Page 156 of The Lincoln Lawyer
“Hello?”
“Mickey Haller, this is Jack Smithson in the DA’s office. How’s your day going?”
“I’ve had better.”
“Not after you hear what I’m offering to do for you.”
“I’m listening.”
Forty-three
The judge did not come out of chambers for fifteen minutes on top of the thirty she had promised. We were all waiting, Roulet and I at the defense table, his mother and Dobbs behind us in the first row. At the prosecution table Minton was no longer flying solo. Next to him sat Jack Smithson. I was thinking that it was probably the first time he had actually been inside a courtroom in a year.
Minton looked downcast and defeated. Sitting next to Smithson, he could have been taken as a defendant with his attorney. He looked guilty as charged.
Detective Booker was not in the courtroom and I wondered if he was working on something or simply if no one had bothered to call him with the bad news.
I turned to check the big clock on the back wall and to scan the gallery. The screen for Minton’s PowerPoint presentation was gone now, a hint of what was to come. I saw Sobel sitting in the back row, but her partner and Kurlen were still nowhere to be seen. There was nobody else but Dobbs and Windsor, and they didn’t count. The row reserved for the media was empty. The media had not been alerted. I was keeping my side of the deal with Smithson.
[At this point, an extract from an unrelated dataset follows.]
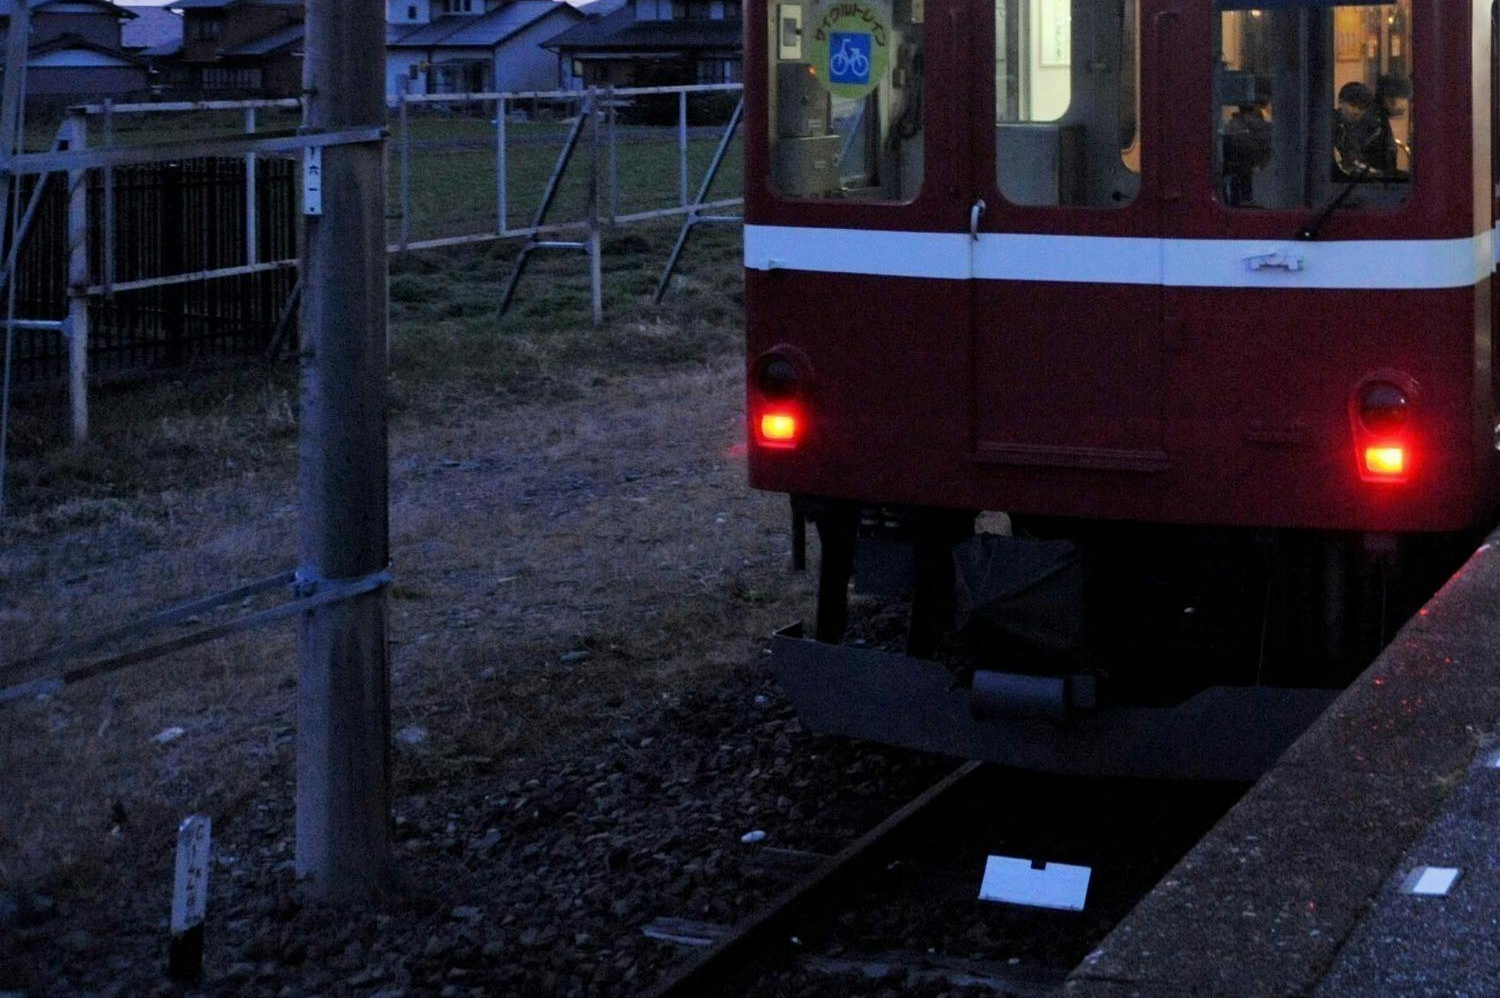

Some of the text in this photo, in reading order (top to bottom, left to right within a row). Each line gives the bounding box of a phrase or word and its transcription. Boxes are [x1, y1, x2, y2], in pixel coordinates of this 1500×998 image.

Deputy Meehan called the courtroom to order and Judge Fullbright took the bench with a flourish, the scent of lilac wafting toward the tables. I guessed that she’d had a cigarette or two back there in chambers and had gone heavy with the perfume as cover.
“In the matter of the state versus Louis Ross Roulet, I understand from my clerk that we have a motion.”
Minton stood.
“Yes, Your Honor.”
He said nothing further, as if he could not bring himself to speak.
“Well, Mr. Minton, are you sending it to me telepathically?”
“No, Your Honor.”
Minton looked down at Smithson and got the go-ahead nod.
“The state moves to dismiss all charges against Louis Ross Roulet.”
The judge nodded as though she had expected the move. I heard a sharp intake of breath behind me and knew it was from Mary Windsor. She knew what was going to happen but had held her emotions in check until she had actually heard it in the courtroom.
“Is that with or without prejudice?” the judge asked.
“Dismiss with prejudice.”
“Are you sure about that, Mr. Minton? That means no comebacks from the state.”
“Yes, Your Honor, I know,” Minton said with a note of annoyance at the judge’s need to explain the law to him.
The judge wrote something down and then looked back at Minton.
“I believe for the record the state needs to offer some sort of explanation for this motion. We have chosen a jury and heard more than two days of testimony. Why is the state doing this at this stage, Mr. Minton?”
Smithson stood. He was a tall and thin man with a pale complexion. He was a prosecutorial specimen. Nobody wanted a fat man as district attorney and that was exactly what he hoped one day to be. He wore a charcoal gray suit with what had become his trademark: a maroon bow tie with matching handkerchief peeking from the suit’s breast pocket. The word among the defense pros was that a political advisor had told him to start building a recognizable media image so that when the time came to run, the voters would think they already knew him. This was one situation where he didn’t want the media carrying his image to the voters.
“If I may, Your Honor,” he said.
“The record will note the appearance of Assistant District Attorney John Smithson, head of the Van Nuys Division. Welcome, Jack. Go right ahead, please.”
“Judge Fullbright, it has come to my attention that in the interest of justice, the charges against Mr. Roulet should be dropped.”